» **BRIEF**: All entries below must be retyped exactly, though pictures are to be skipped.

Segment Start: DATA EXTRACT

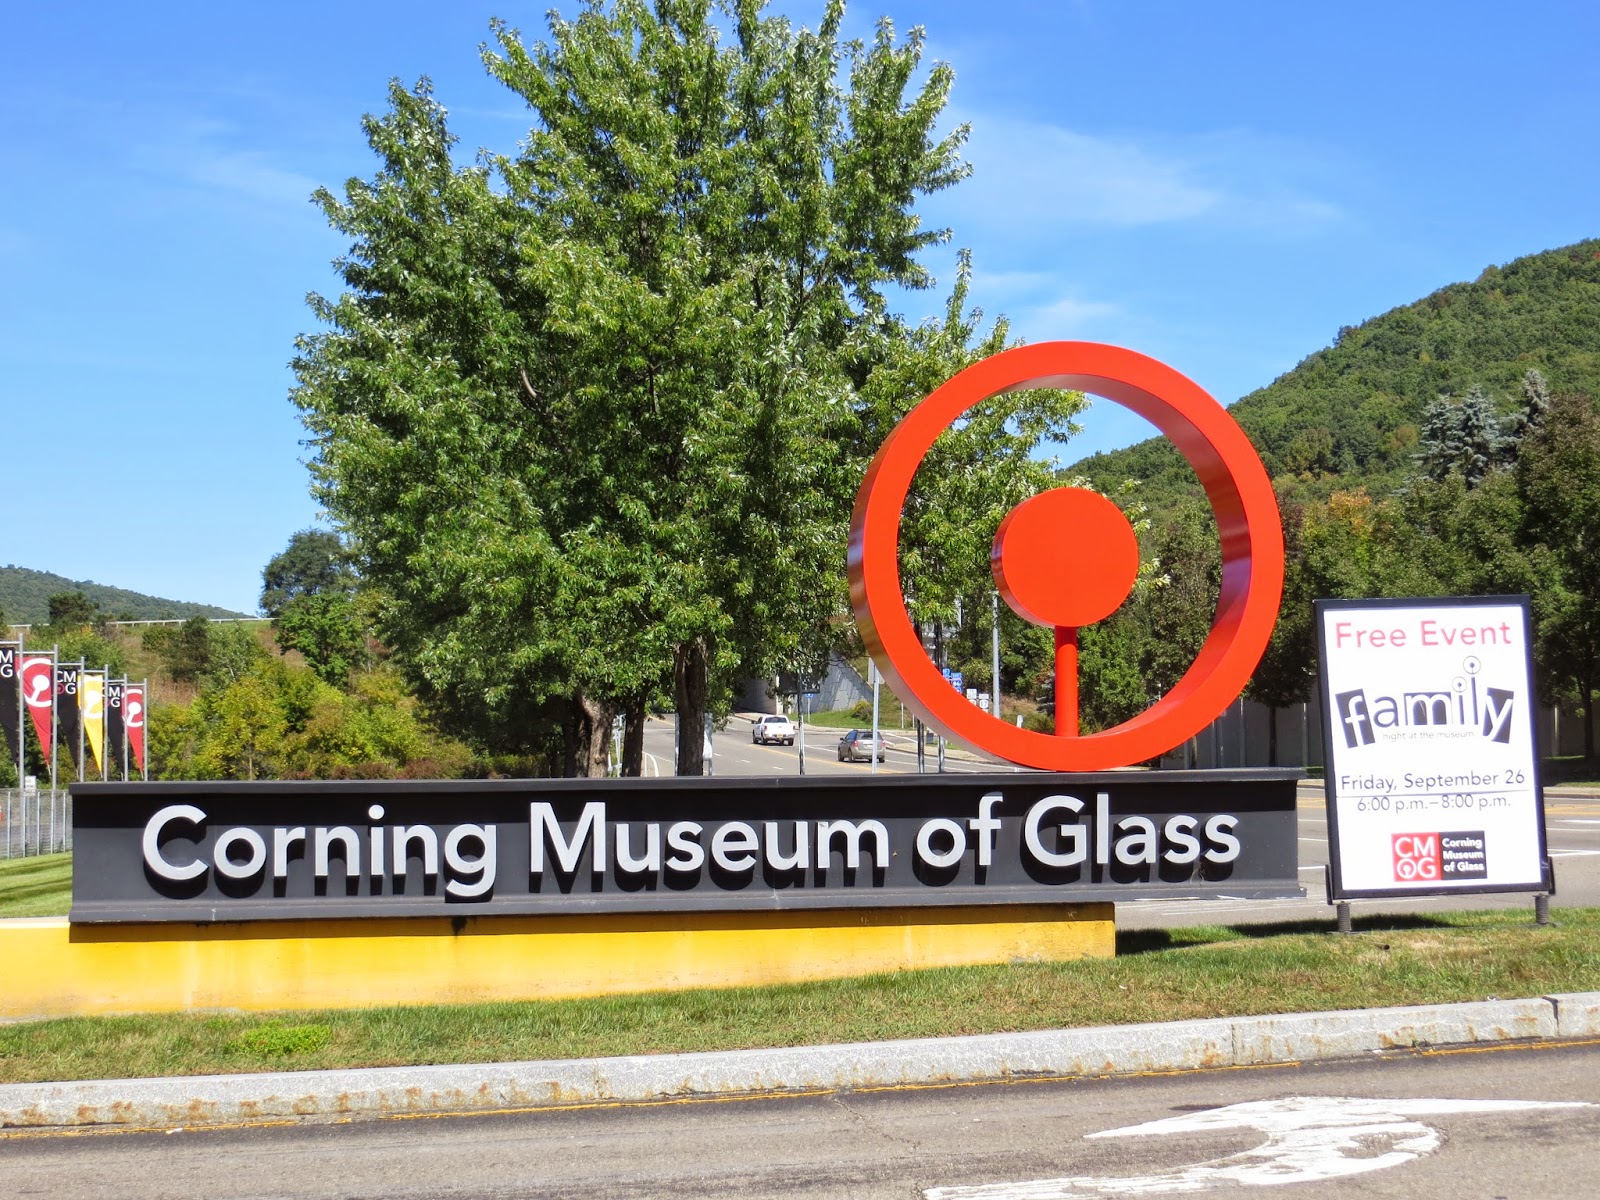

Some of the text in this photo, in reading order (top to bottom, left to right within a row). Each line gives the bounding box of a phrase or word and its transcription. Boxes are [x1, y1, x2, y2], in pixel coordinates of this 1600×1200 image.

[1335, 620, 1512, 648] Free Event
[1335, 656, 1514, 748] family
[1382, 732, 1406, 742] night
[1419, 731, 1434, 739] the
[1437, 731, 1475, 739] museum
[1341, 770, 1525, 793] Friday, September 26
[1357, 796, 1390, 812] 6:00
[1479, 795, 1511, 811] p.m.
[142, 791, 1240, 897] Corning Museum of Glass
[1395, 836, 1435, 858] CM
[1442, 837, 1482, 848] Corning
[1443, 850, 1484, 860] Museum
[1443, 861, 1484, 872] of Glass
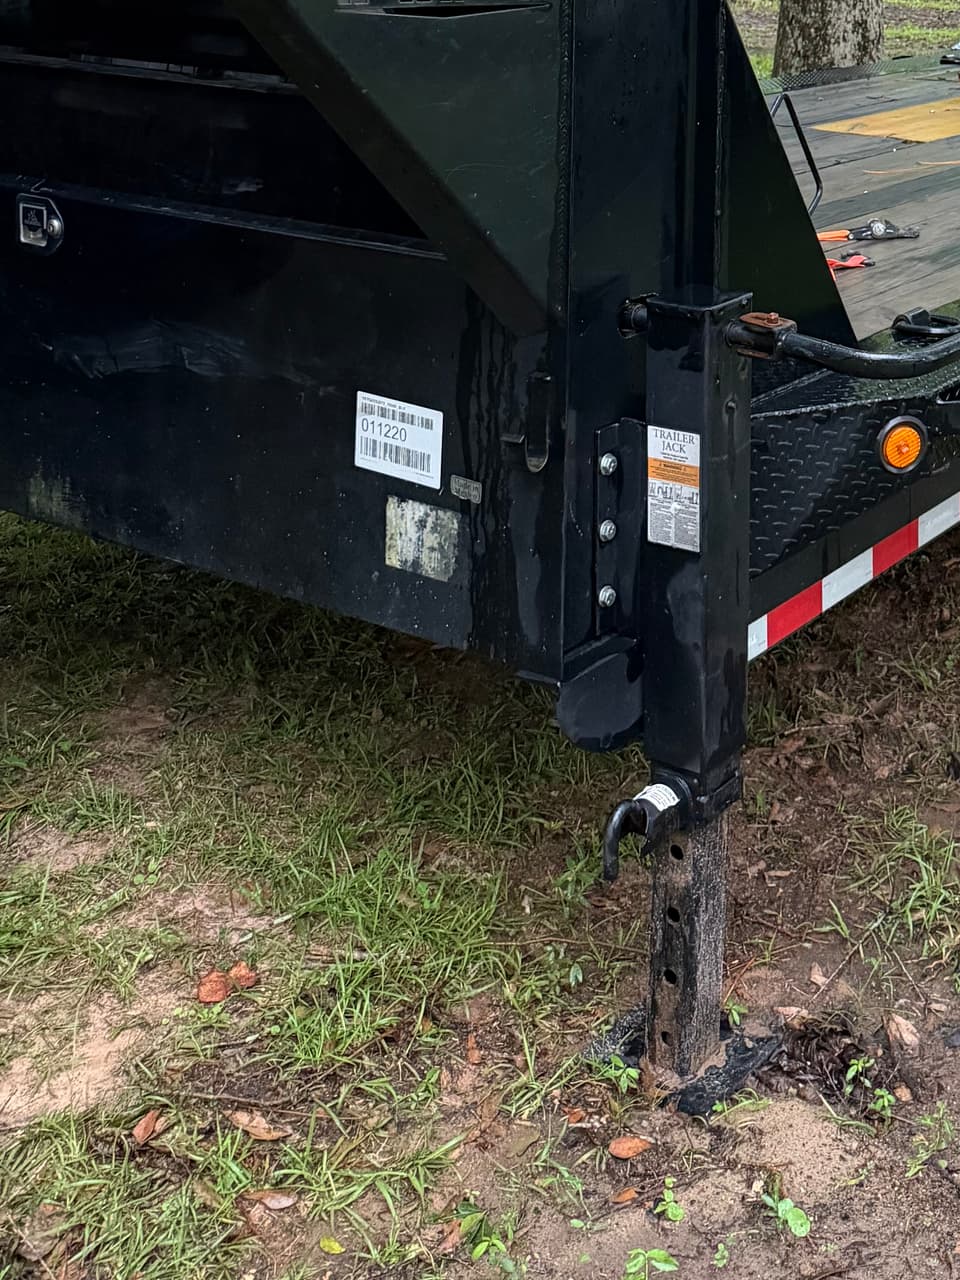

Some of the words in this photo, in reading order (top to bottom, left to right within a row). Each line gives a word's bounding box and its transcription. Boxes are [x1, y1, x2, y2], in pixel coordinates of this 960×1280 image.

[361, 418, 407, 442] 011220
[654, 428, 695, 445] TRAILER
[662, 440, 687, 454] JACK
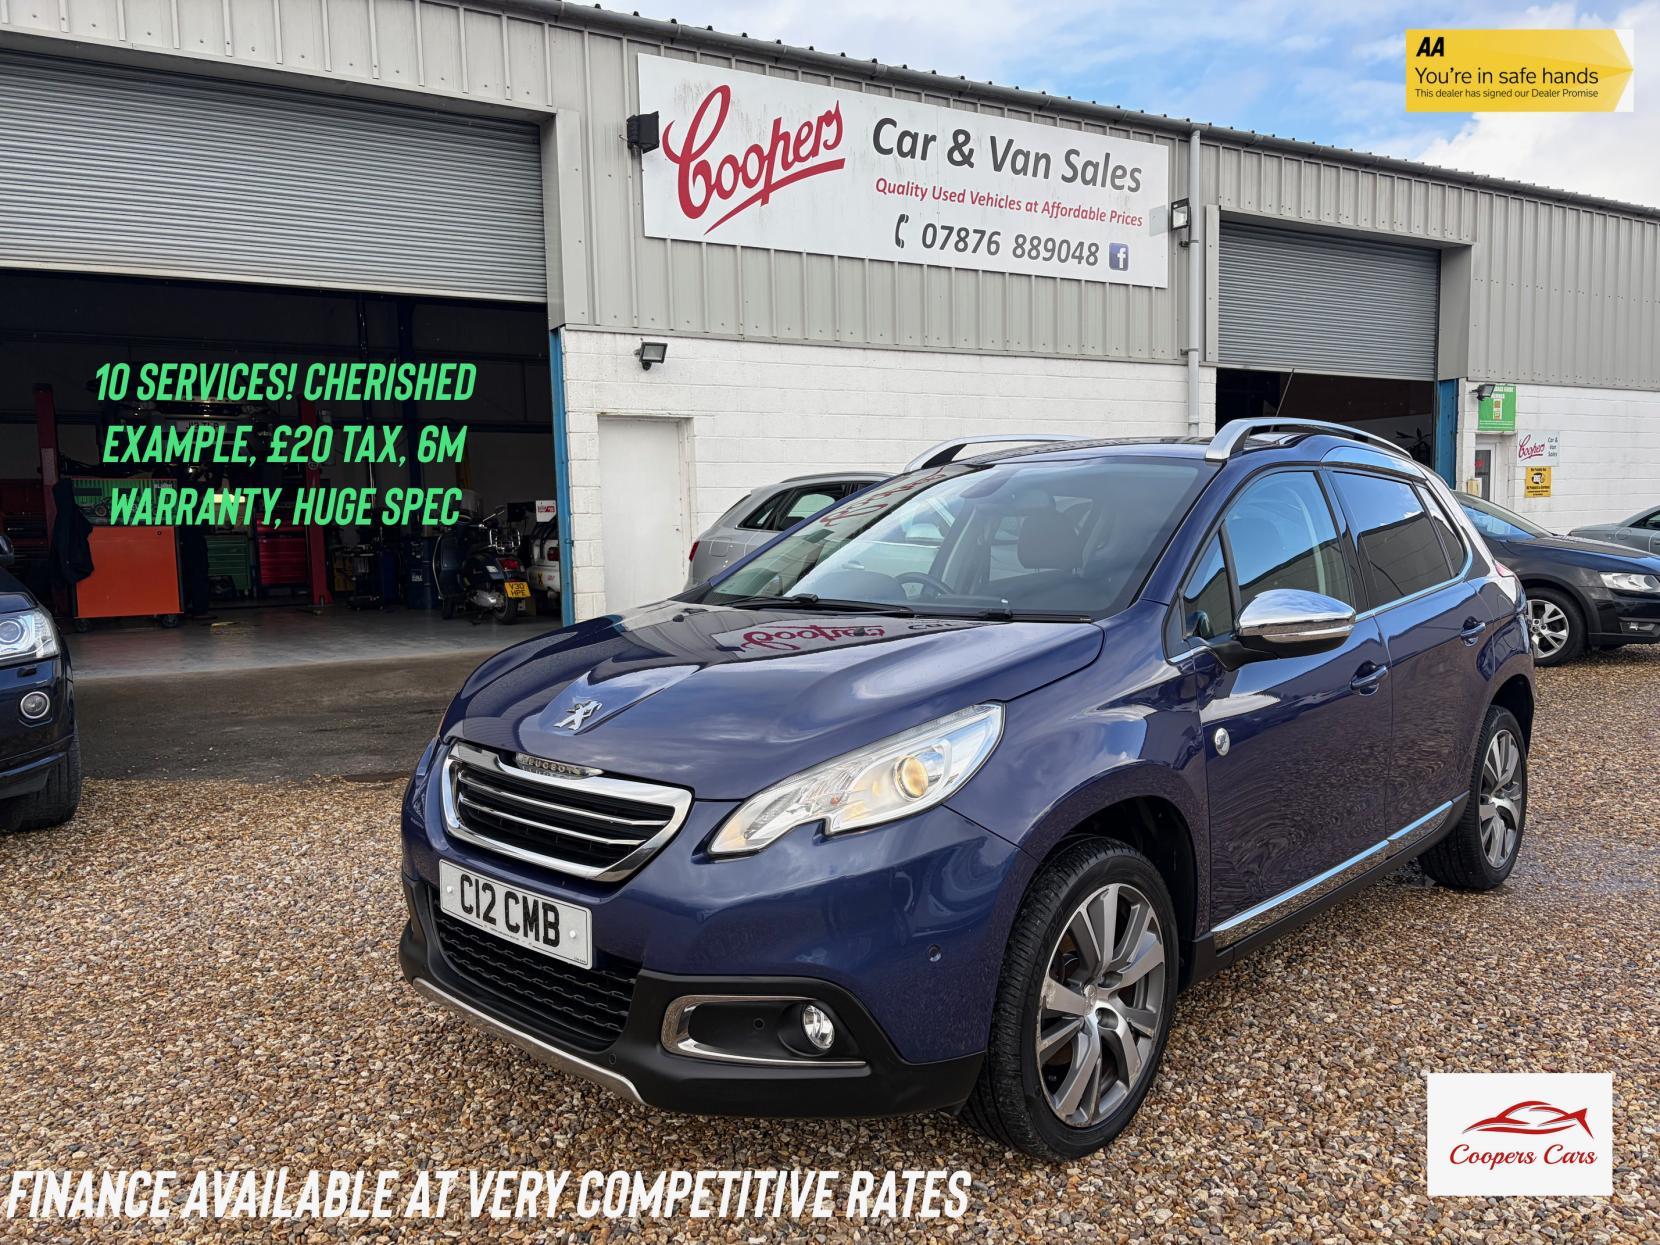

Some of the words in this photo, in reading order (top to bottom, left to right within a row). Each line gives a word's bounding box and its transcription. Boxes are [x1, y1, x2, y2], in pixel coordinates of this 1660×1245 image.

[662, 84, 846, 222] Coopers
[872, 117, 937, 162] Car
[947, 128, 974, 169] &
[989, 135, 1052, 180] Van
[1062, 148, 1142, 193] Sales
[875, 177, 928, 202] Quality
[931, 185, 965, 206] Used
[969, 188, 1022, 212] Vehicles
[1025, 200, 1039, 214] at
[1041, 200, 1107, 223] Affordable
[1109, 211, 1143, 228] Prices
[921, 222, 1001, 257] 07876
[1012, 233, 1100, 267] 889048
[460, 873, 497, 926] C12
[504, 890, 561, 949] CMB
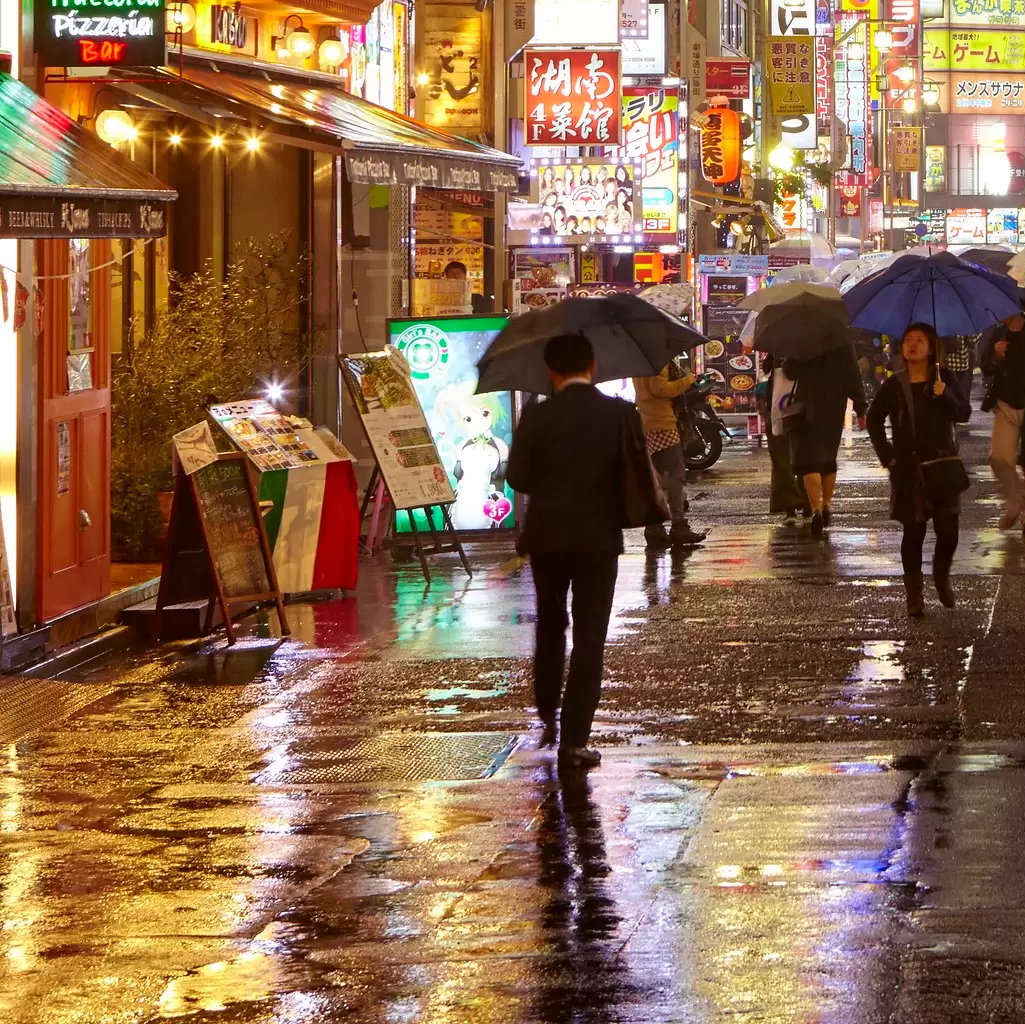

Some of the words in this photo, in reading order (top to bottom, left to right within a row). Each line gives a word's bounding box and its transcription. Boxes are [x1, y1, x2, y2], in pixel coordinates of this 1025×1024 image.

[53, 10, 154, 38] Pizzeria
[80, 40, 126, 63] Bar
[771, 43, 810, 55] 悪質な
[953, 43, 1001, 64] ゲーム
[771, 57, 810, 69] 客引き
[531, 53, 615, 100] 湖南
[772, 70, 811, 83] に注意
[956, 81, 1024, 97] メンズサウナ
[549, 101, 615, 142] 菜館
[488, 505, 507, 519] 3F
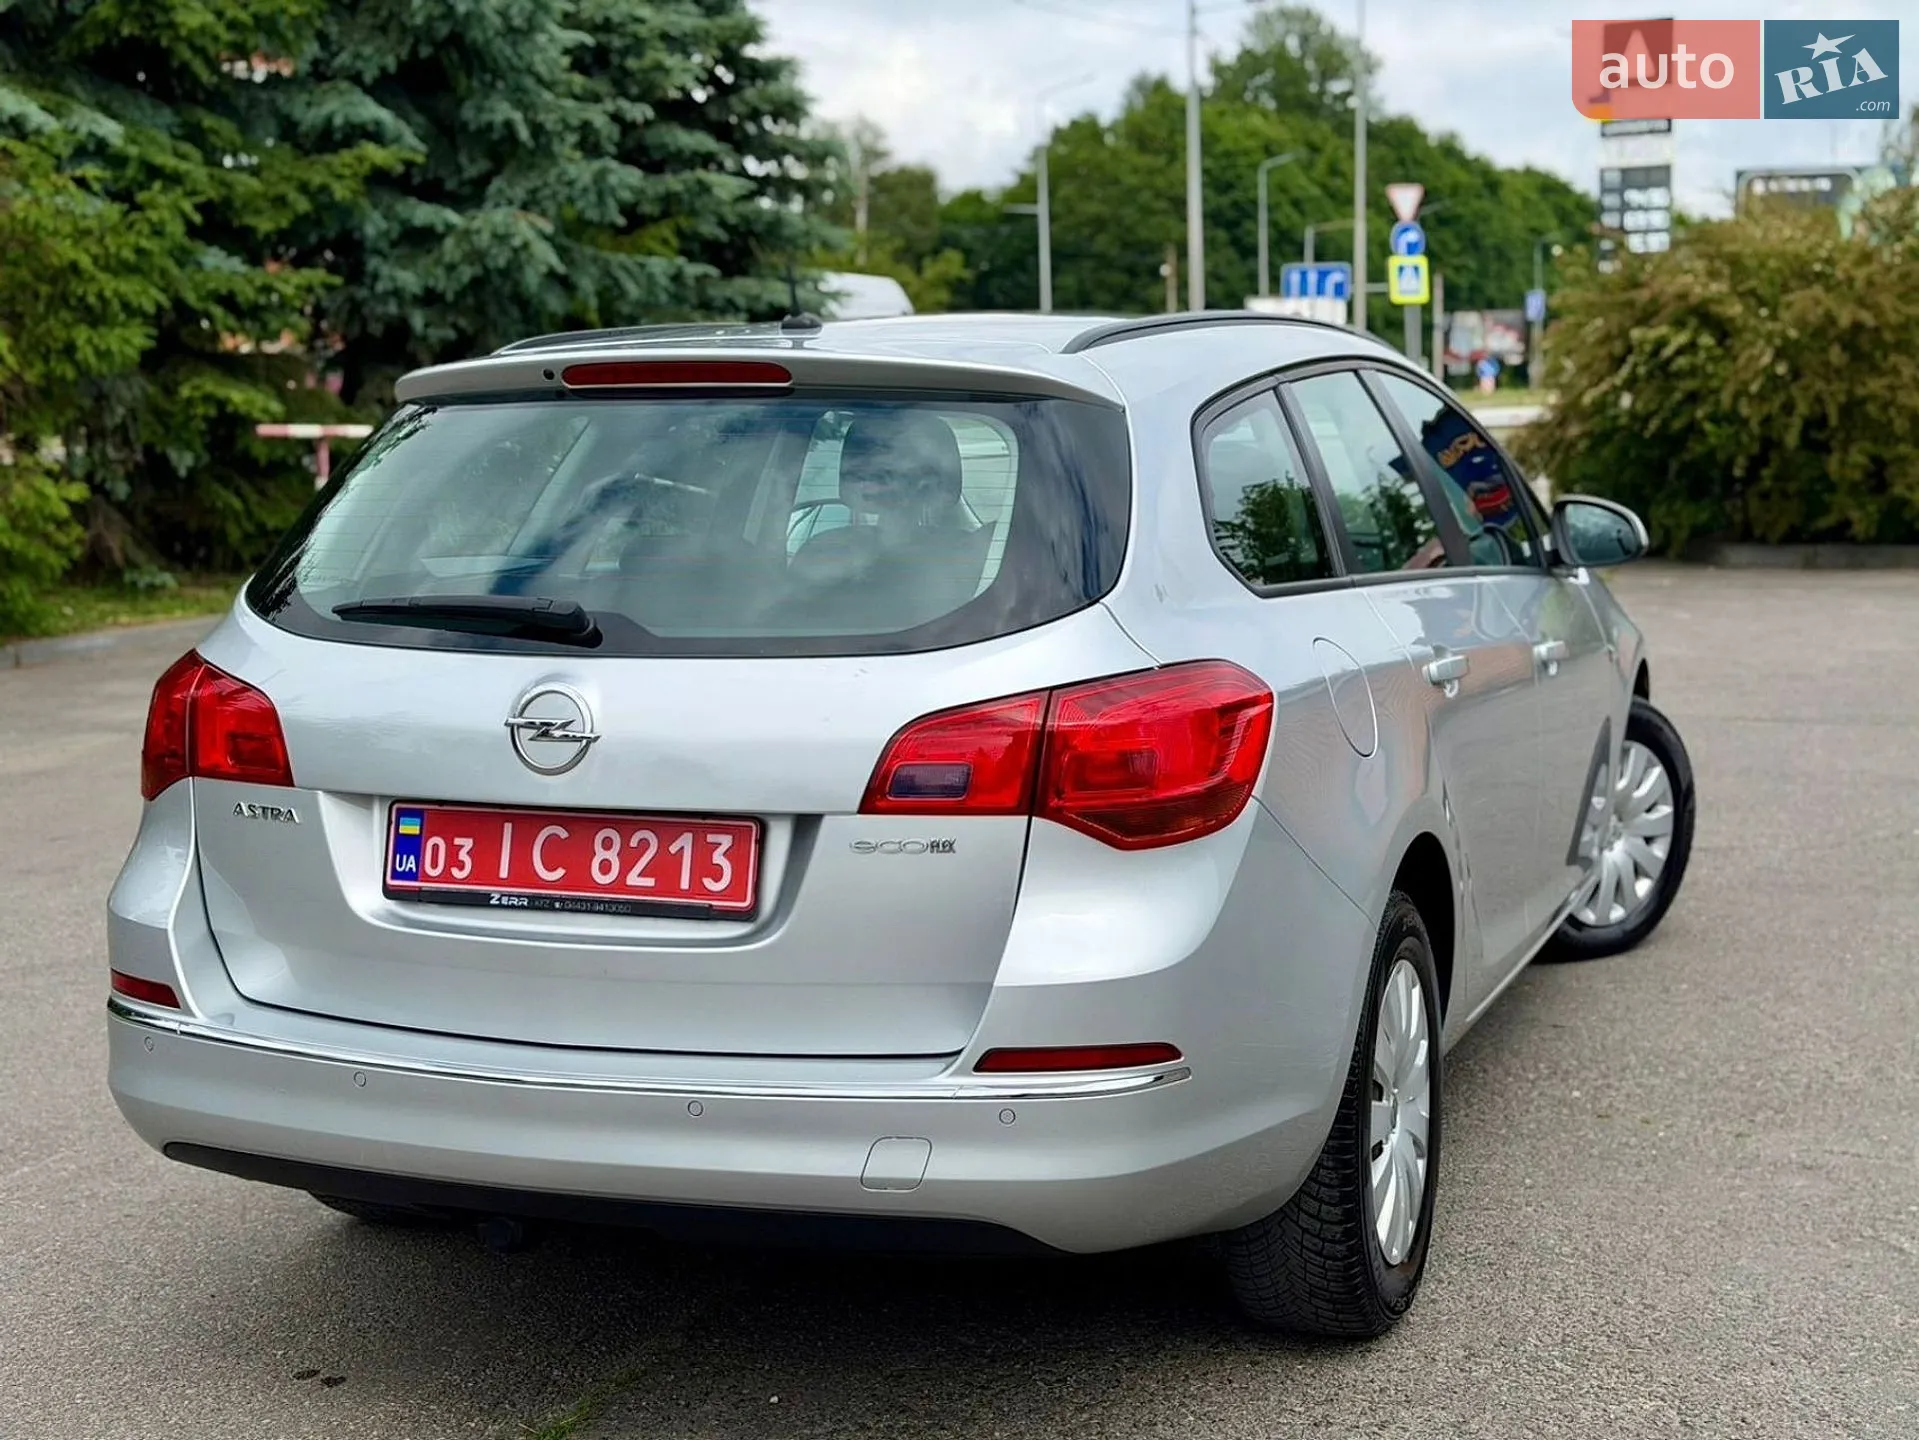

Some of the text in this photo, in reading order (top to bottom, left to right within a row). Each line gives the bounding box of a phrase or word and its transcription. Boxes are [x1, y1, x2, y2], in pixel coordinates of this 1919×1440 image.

Segment End: DATA EXTRACT

» **ANSWER BOX**:
Some of the text in this photo, in reading order (top to bottom, left to right within a row). Each line gives the bounding box of a phrase or word and its transcription. Boxes are [x1, y1, x2, y2], in pixel coordinates of this 1600×1200 image.

[1335, 620, 1512, 648] Free Event
[1335, 656, 1514, 748] family
[1382, 732, 1406, 742] night
[1419, 731, 1434, 739] the
[1437, 731, 1475, 739] museum
[1341, 770, 1525, 793] Friday, September 26
[1357, 796, 1390, 812] 6:00
[1479, 795, 1511, 811] p.m.
[142, 791, 1240, 897] Corning Museum of Glass
[1395, 836, 1435, 858] CM
[1442, 837, 1482, 848] Corning
[1443, 850, 1484, 860] Museum
[1443, 861, 1484, 872] of Glass

Some of the words in this photo, in reading order (top to bottom, left to right within a row). Each line gives a word's bounding box and its transcription. Boxes are [x1, y1, x2, y2], in pixel coordinates of this 960×1280 image.

[361, 418, 407, 442] 011220
[654, 428, 695, 445] TRAILER
[662, 440, 687, 454] JACK

Some of the words in this photo, in reading order (top to bottom, left to right within a row). Each line gives a word's bounding box and its transcription. Boxes are [x1, y1, x2, y2], in pixel coordinates of this 1660×1245 image.

[662, 84, 846, 222] Coopers
[872, 117, 937, 162] Car
[947, 128, 974, 169] &
[989, 135, 1052, 180] Van
[1062, 148, 1142, 193] Sales
[875, 177, 928, 202] Quality
[931, 185, 965, 206] Used
[969, 188, 1022, 212] Vehicles
[1025, 200, 1039, 214] at
[1041, 200, 1107, 223] Affordable
[1109, 211, 1143, 228] Prices
[921, 222, 1001, 257] 07876
[1012, 233, 1100, 267] 889048
[460, 873, 497, 926] C12
[504, 890, 561, 949] CMB

Some of the words in this photo, in reading order (top to bottom, left to right within a row). Each line gives a word's bounding box and its transcription. Boxes are [x1, y1, x2, y2], in pixel coordinates of this 1025×1024 image.

[53, 10, 154, 38] Pizzeria
[80, 40, 126, 63] Bar
[771, 43, 810, 55] 悪質な
[953, 43, 1001, 64] ゲーム
[771, 57, 810, 69] 客引き
[531, 53, 615, 100] 湖南
[772, 70, 811, 83] に注意
[956, 81, 1024, 97] メンズサウナ
[549, 101, 615, 142] 菜館
[488, 505, 507, 519] 3F

Some of the text in this photo, in reading order (top to bottom, left to right within a row). Each line gives the bounding box of a phrase or word and its transcription. Boxes are [x1, y1, x2, y2], in pixel coordinates of this 1919×1440 image.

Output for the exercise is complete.